Nicky Spence’s Siegmund is also wonderfully clear. He might not be a Heldentenor as such, but his perfect diction and careful way of shaping words and phrases creates a very three-dimensional and likeable character. He’s especially strong with Brünnhilde in the second act – with Wotan’s narration, the musical highlight of the show. Pulling all the cylinders out, he should prove more convincing in the latter part of act one, but Jones’ staging allows little connection between the siblings, and turning them around in the end works the point without allowing an explosion of passion. Like Sieglinde, Emma Bell’s soprano is effective lower down where she really connects to the text. When pushed, however, the voice spreads and its vowels tend to merge into one. Brindley Sherratt’s Hunding is suitably menacing if he’s brutal in two dimensions. Vocally, it’s dark and dangerous at the bottom, although it’s lighter and slightly less effective at the top.
Rachel Nicholls as Brünnhilde. Photo © Tristram Kenton
As Brünnhilde, Rachel Nicholls has a lot to offer. Her small frame is perfect for conveying a sense of a rebellious teenage girl, and she captures the character’s awakening femininity and the emotional conflict that follows. The voice has a laser beam quality that carries well on the orchestra, although it may lack body when pushed and may be short in color above the staff. Kicking Fricka out of a box to the right of the stage, Claire Barnett Jones scored a triumph on opening night in a role you can easily imagine tackling for real. Her rich burgundy mezzo has a formidable body, and the top should gain power with a little more experience. Although the whispered Valkyries were the loudest. In the Stroll , all were remarkable in the complex overall work that accompanies the confrontation with their irate father.

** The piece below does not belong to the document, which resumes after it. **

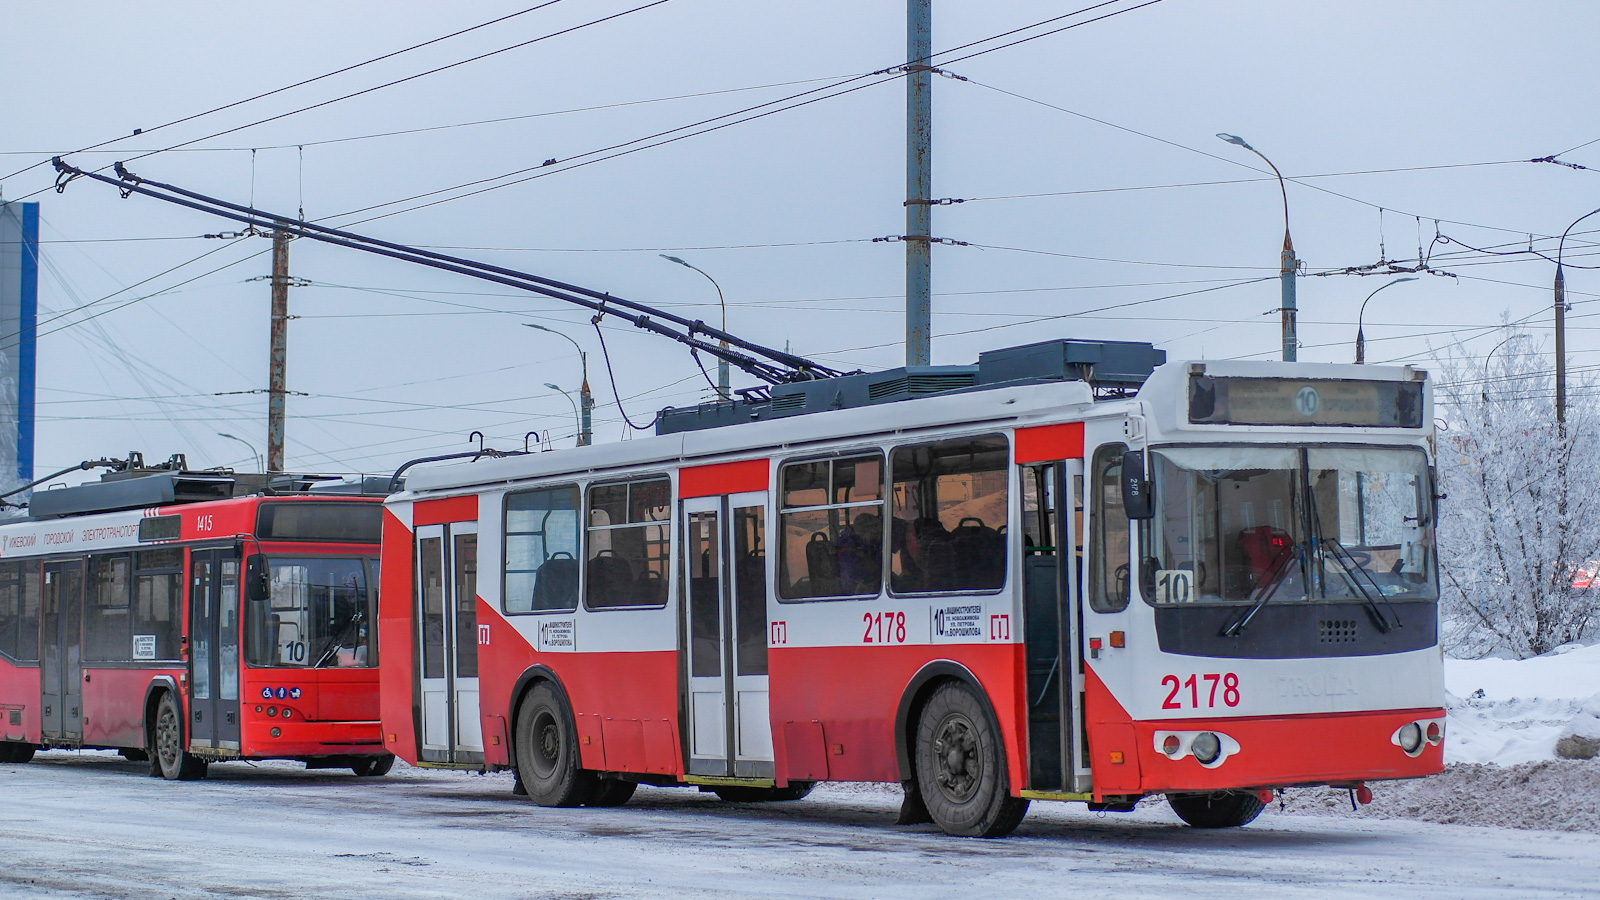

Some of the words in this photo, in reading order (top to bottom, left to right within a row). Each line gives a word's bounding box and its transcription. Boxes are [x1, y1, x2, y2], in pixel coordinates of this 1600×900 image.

The production is sung in English in the new translation by John Deathridge. It’s a pretty patchy affair with moments that would seriously rock Wagner’s Meistersingers (“Courage, I think he’s got it,” Sieglinde sings at one point, apparently channeling Yoda).

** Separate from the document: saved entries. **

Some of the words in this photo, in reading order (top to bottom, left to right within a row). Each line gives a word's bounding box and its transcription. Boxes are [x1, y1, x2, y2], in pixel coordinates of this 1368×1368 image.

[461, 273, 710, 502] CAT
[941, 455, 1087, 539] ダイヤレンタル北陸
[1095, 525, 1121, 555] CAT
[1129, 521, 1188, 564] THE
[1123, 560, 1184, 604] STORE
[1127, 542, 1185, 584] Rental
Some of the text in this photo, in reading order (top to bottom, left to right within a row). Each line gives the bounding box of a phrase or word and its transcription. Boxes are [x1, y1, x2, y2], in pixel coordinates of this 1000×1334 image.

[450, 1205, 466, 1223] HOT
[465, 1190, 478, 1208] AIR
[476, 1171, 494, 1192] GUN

With New York – for now at least – engaged in directing Jones for 2025, ENO has a lot to do with it. Valkyrie . While Met chief executive Peter Gelb won’t be inheriting the conductor, soloists, or translation, in its current form, it’s hard to see this disappointing business unleashed in the Big Apple (or, we imagine, in Australian cinemas and others around the world). Watch this place.
ENO
The Valkyrie
runs at the London Coliseum until December 10.